This is Kerr’s philosophy. Stick with the vets despite their play; reward or jettison the younger players on a whim in spite of their play. There are two sets of rules for one team, which is a problem larger than a single game, a single collapse. Ten days earlier, the Dubs had blown an 18-point lead to the Oklahoma City Thunder, a team full of talented young guns that Kerr may or may not trust in his own rotation.
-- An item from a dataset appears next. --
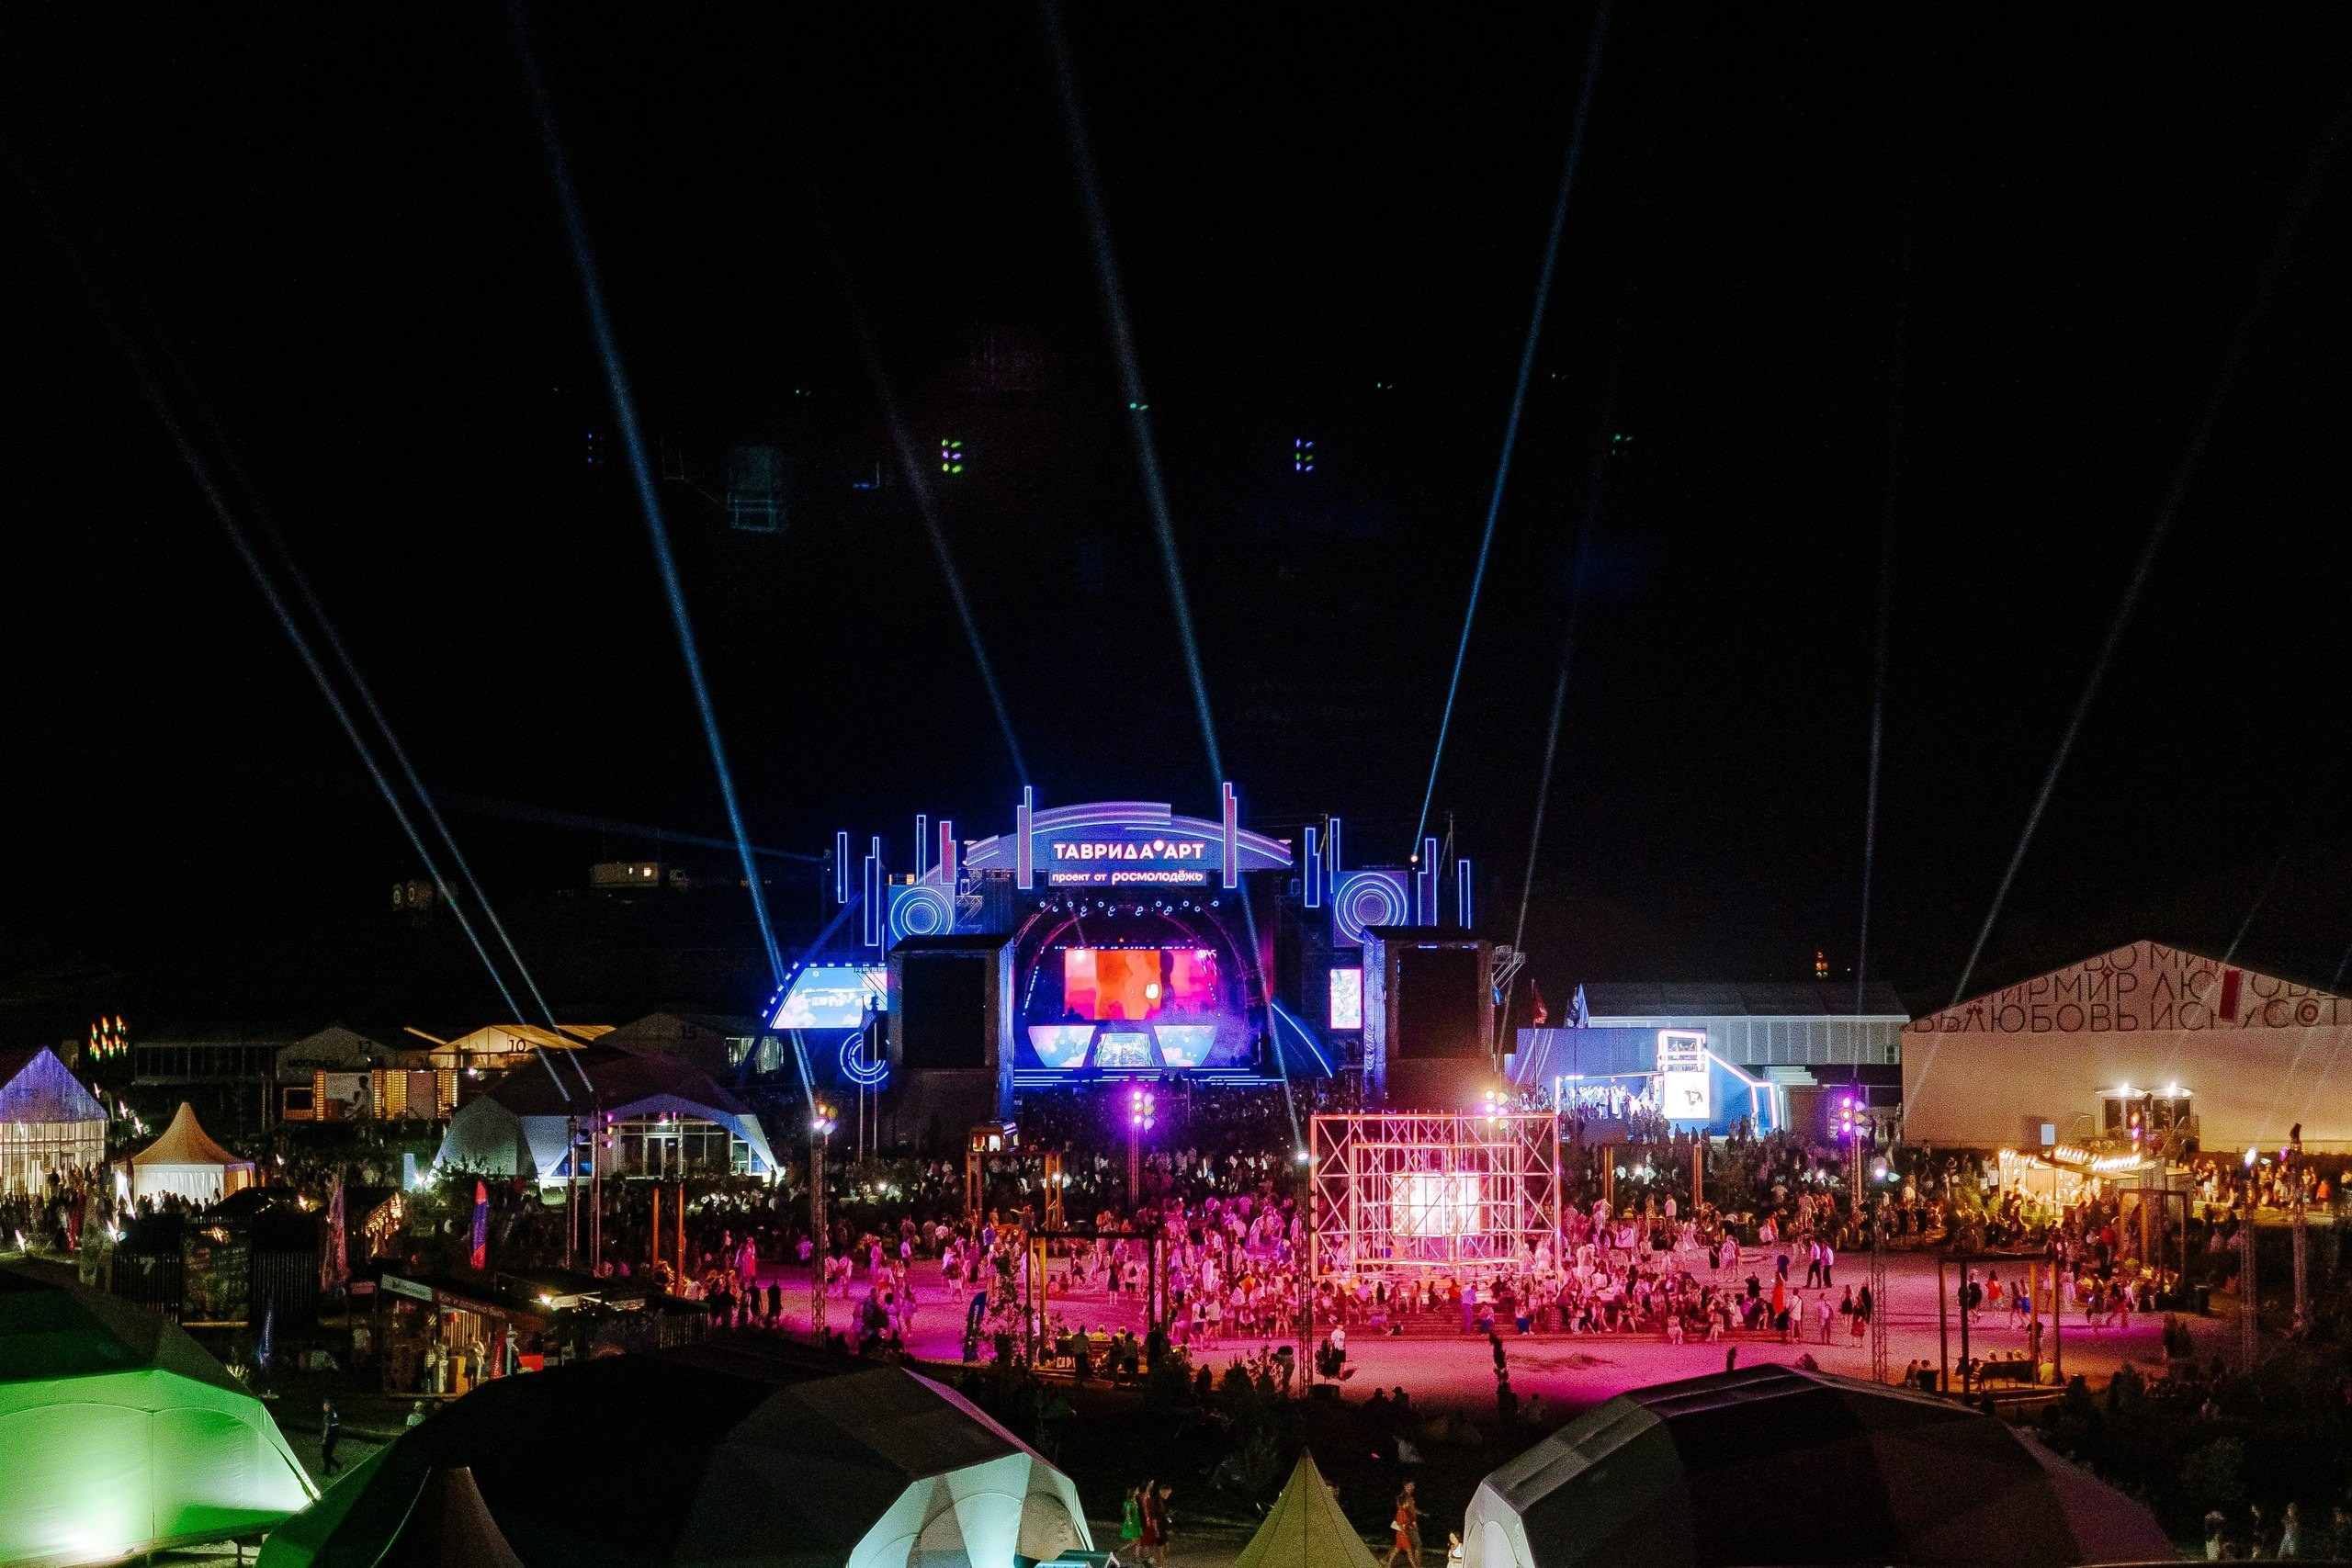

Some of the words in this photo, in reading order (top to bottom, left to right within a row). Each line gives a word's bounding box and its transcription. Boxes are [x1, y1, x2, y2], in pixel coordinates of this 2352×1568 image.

Mere days after giving the game away to the Kings, on Dec. 2, Kerr found himself once again unable to find the right combination on his roster to hold on for a win after building a 22-point cushion against the Los Angeles Clippers. The size of the Clippers bothered the Warriors, and yet Trayce Jackson-Davis, the springy 6-foot-9-inch rookie whom Kerr had previously raved about, couldn’t make it onto the floor. Meanwhile, third-string point guard Cory Joseph played 16 minutes and finished with three assists, zero points, zero rebounds, zero steals and two fouls. Perhaps Kerr could have allocated some of those 16 minutes to Jackson-Davis?
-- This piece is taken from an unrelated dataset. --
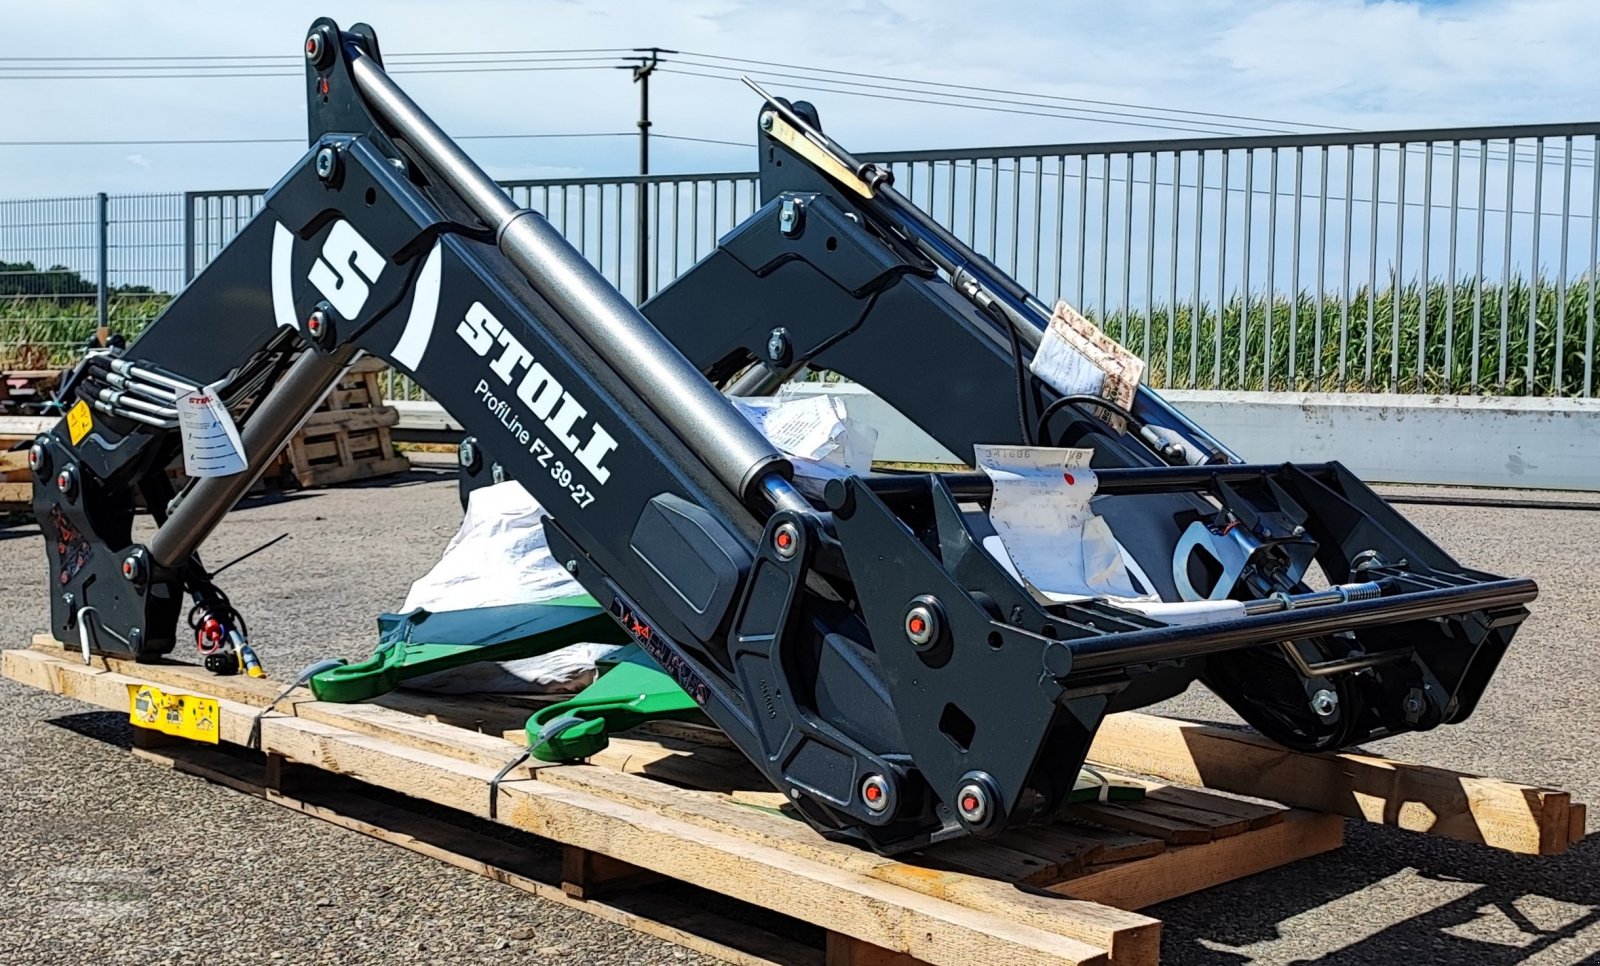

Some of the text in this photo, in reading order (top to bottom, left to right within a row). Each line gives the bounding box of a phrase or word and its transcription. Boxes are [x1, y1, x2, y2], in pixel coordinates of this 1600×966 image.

[455, 301, 619, 486] STOLL
[474, 379, 596, 510] ProfiLine FZ 39-27
There are many more case studies, perplexing substitutions and choices particularly late in games to parse, but in the interest of time, let’s look at the collapse that may have broken the camel’s back.

Golden State, playing inspired basketball to start the new year, was leading the reigning champion Denver Nuggets by 13 points in the fourth quarter in their Jan. 4 matchup. And then, yes, Nikola Jokić hit a ridiculous buzzer-beater. But before that gut punch, Jonathan Kuminga, the promising third-year athletic dynamo, was feeling it, scoring 16 points in 19 minutes, adding four rebounds and four assists. Most importantly, he was attacking the paint, getting to the line and imposing his will on the backpedaling champs.

And yet, he sat on the bench during the entire fourth quarter as the lead was whittled into nothing. The next day, the leaks began, with The Athletic reporting that Kuminga had “lost faith” in Kerr, citing anonymous sources, of course.

Kerr and Kuminga later cleared the air, and that’s good, because that’s what adults do, but how many more seemingly arbitrary decisions will it take for Kuminga to break rank again? Or Moody? How many first-round draft picks will be sacrificed for fidelity to a dead past while the present crumbles?

For those who still maintain that moving on from Kerr won’t fix Golden State’s problems, fine! Nobody is saying it will! But to assume that making any change at all would jeopardize what is already a failure-in-progress season, or argue that it’s futile to even entertain a coaching change? That’s weird, zero-sum thinking. When things aren’t working — and they’re clearly not — you have to start somewhere, with something, with someone. Yes, Kerr was the right man for the right moment, but that moment is slipping away. Even championships don’t erase fatal flaws, so much as mask them.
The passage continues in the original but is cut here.